By Tim Hakki
2 min read
BitMEX exchange co-founder Benjamin Delo was yesterday sentenced to 30 months probation by a New York federal court for violating the anti-money laundering Banking Secrecy Act, according to The Wall Street Journal.
The sentence concludes Delo’s part in the BitMEX legal saga, which has been ongoing since October 2020. Delo will return to his wife and home in Hong Kong “potentially within days,” where he will serve his probation.
Back in February, Delo and former BitMEX CEO Arthur Hayes pleaded guilty to “willfully failing to establish, implement and maintain an Anti-Money Laundering (AML) program.”
In May, Delo, along with co-founders Samuel Reed and CEO Arthur Hayes, were ordered to pay $10 million each by the Commodity Futures Trading Commission (CFTC) for violating AML laws. Delo paid his part in full.

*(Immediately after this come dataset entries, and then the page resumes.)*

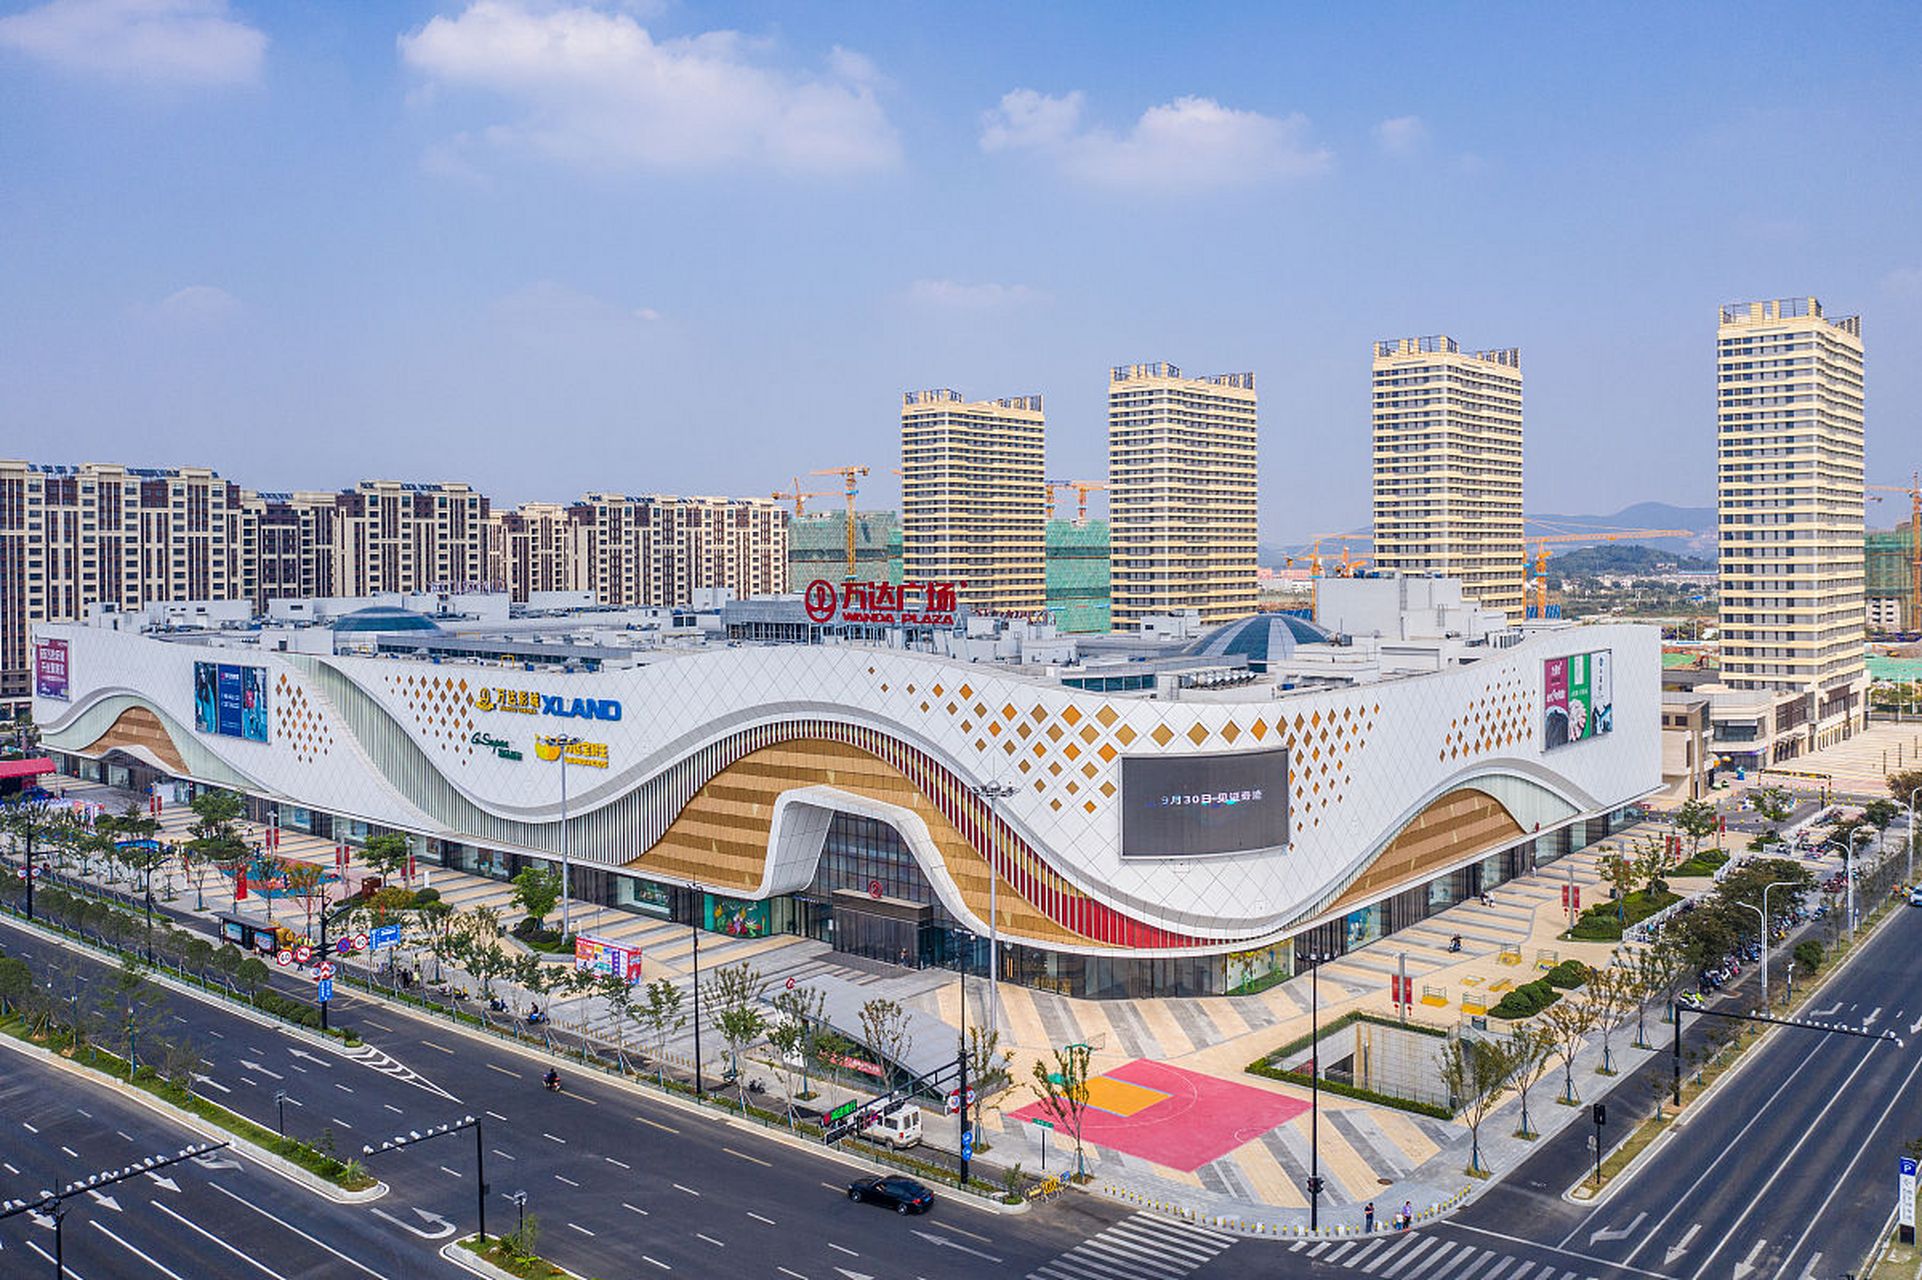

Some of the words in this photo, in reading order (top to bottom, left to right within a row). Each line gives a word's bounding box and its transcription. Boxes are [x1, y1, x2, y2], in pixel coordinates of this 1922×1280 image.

[841, 581, 956, 612] 万达广场
[842, 612, 895, 623] WANDA
[901, 613, 954, 625] PLAZA
[542, 694, 622, 721] XLAND
[1904, 1164, 1912, 1173] P

Federal prosecutors charged the trio with having failed to establish know-your-customer (KYC) procedures for their U.S. customer base, which meant that their exchange served as a de facto money laundering platform and serviced up to $209 million in shady transactions.

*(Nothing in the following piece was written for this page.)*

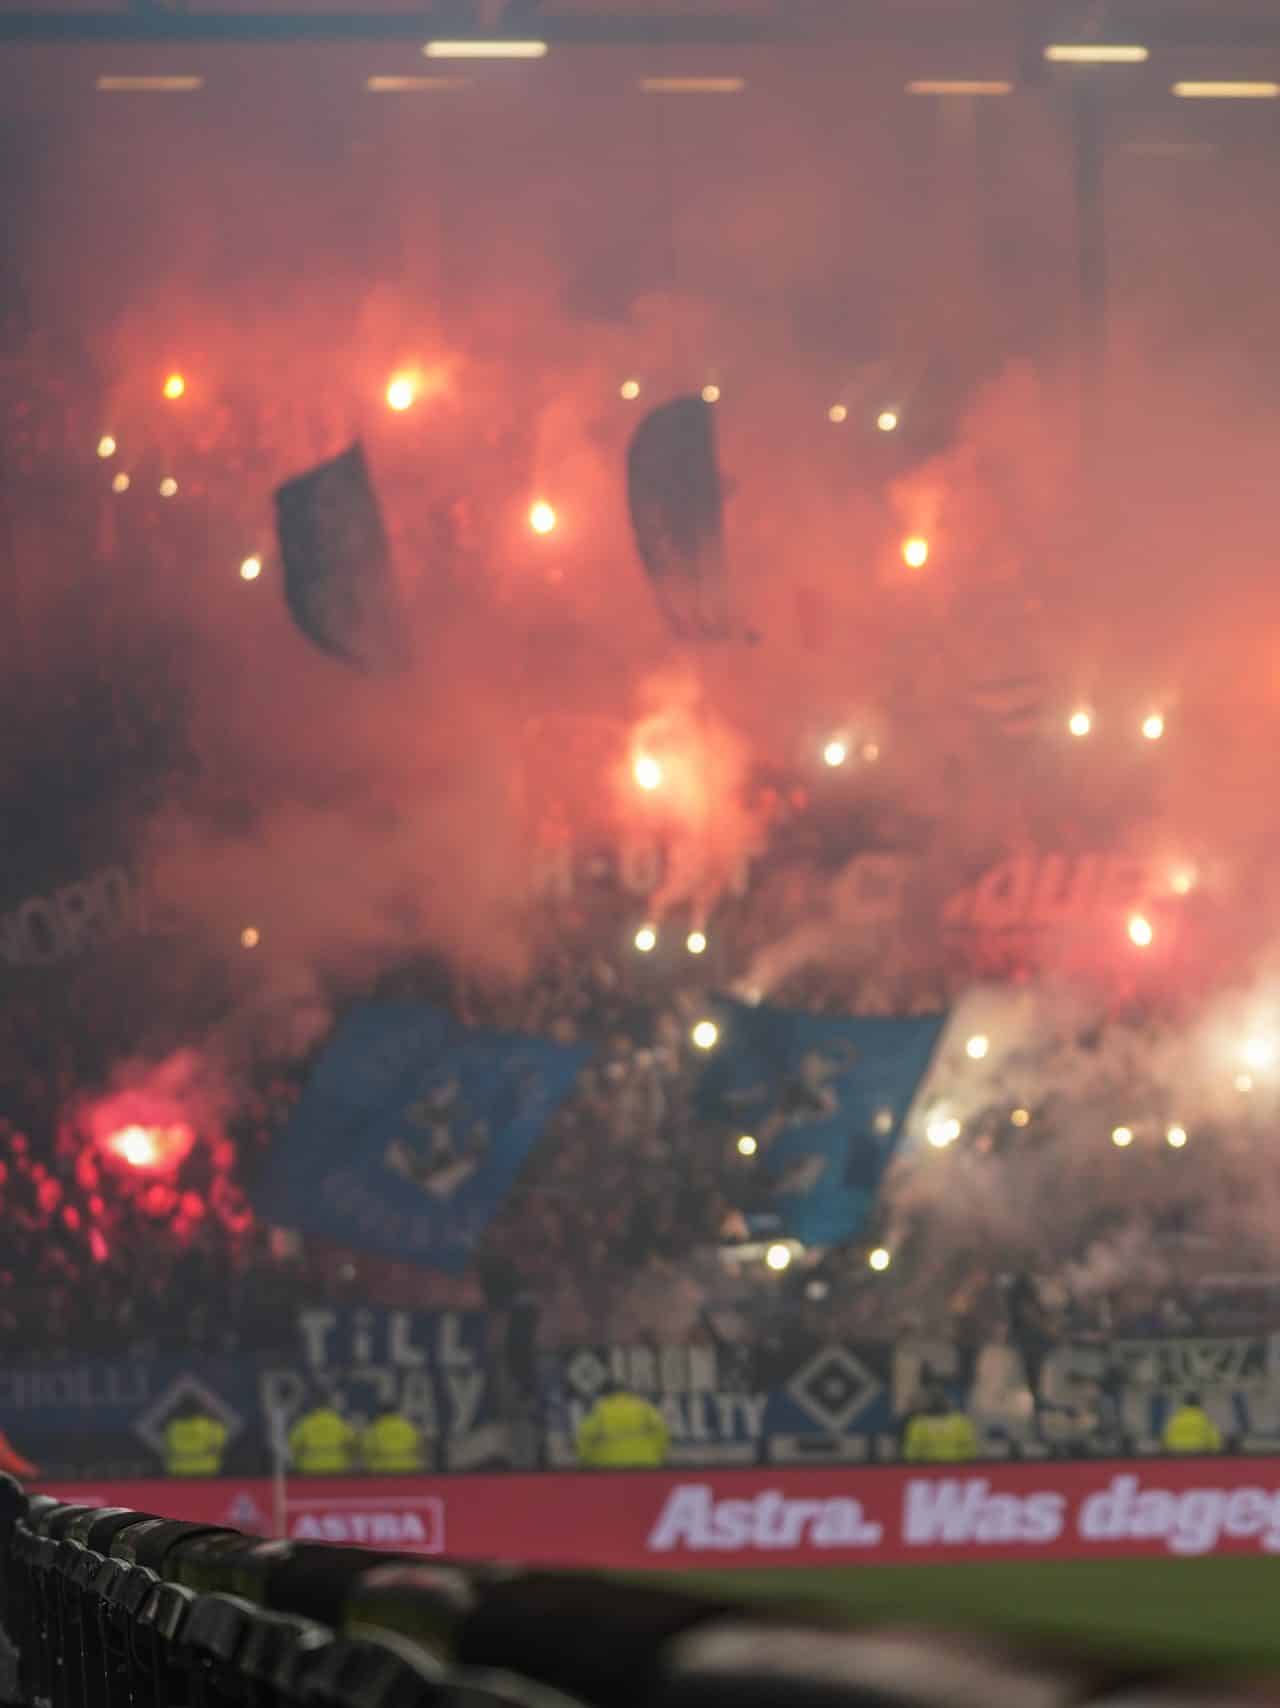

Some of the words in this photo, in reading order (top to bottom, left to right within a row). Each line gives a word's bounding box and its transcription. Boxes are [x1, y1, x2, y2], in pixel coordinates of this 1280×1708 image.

BitMEX did eventually KYC all of its users in January 2021.
Delo’s lawyer, Patrick Smith, argued that Delo had personally banned hundreds of users from trading on BitMEX, but Delo confessed he wished he had acted sooner to ensure the exchange was no longer serving U.S. customers.
In March, Samuel Reed joined Delo and Hayes and pleaded guilty to violating the Banking Secrecy Act. He faces a maximum jail sentence of five years.
Like Delo, Hayes was also put on probation, for two years, according to Bloomberg. Prosecutors initially sought to have him jailed for a year, but Hayes argued that his case could be a useful precedent in the future. He has been ordered to spend the first six months in home confinement.
Finally, Australian Bitcoin mogul Greg Dwyer, who is not a BitMEX co-founder, but who served as the exchange’s former head of business development, is currently negotiating with the New York federal court to extend his deadline for filing pre-trial documentation by a week, according to a report by The Sydney Morning Herald yesterday.